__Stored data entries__

────────────────────────────────────────

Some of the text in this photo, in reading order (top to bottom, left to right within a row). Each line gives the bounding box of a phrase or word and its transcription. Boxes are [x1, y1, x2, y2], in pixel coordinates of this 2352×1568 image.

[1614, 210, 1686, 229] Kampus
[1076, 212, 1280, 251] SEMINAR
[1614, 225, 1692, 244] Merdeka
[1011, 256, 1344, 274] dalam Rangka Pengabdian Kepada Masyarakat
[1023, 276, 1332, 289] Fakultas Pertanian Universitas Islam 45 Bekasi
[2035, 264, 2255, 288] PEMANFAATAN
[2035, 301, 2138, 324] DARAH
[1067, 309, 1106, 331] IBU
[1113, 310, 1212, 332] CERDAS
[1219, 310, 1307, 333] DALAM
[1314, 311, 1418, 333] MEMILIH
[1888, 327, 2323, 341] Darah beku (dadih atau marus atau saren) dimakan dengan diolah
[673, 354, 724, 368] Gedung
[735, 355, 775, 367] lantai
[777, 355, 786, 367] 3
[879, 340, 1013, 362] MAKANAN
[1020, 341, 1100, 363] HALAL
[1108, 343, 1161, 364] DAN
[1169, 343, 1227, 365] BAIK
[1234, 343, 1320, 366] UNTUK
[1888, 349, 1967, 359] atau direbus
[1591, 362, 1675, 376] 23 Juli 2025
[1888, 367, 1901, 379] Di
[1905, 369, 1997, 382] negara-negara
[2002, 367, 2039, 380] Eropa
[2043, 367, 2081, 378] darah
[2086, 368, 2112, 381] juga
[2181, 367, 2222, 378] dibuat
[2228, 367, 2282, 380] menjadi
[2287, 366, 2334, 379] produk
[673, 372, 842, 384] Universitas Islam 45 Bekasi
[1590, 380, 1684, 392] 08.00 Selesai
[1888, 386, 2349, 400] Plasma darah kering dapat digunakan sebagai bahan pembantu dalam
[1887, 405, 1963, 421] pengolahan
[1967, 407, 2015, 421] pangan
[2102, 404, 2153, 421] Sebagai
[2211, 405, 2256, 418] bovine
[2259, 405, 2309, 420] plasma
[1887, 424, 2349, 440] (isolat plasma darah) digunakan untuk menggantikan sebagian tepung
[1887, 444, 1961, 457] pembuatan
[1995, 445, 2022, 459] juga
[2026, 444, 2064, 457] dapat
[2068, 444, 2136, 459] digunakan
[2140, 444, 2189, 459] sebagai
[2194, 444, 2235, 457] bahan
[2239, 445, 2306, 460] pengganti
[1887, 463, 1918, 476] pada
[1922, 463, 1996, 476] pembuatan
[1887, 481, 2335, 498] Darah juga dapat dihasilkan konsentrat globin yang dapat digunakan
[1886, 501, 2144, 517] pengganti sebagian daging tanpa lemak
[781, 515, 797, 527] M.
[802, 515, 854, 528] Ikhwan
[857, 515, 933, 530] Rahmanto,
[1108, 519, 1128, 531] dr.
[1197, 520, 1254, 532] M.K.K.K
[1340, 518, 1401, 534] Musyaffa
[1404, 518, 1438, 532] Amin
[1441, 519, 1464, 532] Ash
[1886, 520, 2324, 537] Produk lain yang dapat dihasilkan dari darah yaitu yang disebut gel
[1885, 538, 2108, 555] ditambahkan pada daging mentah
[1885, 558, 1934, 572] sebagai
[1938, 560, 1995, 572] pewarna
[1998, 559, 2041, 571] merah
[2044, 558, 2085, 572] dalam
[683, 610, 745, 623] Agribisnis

────────────────────────────────────────

Return every line from the entries above that includes the word "yang".

[1887, 481, 2335, 498] Darah juga dapat dihasilkan konsentrat globin yang dapat digunakan
[1886, 520, 2324, 537] Produk lain yang dapat dihasilkan dari darah yaitu yang disebut gel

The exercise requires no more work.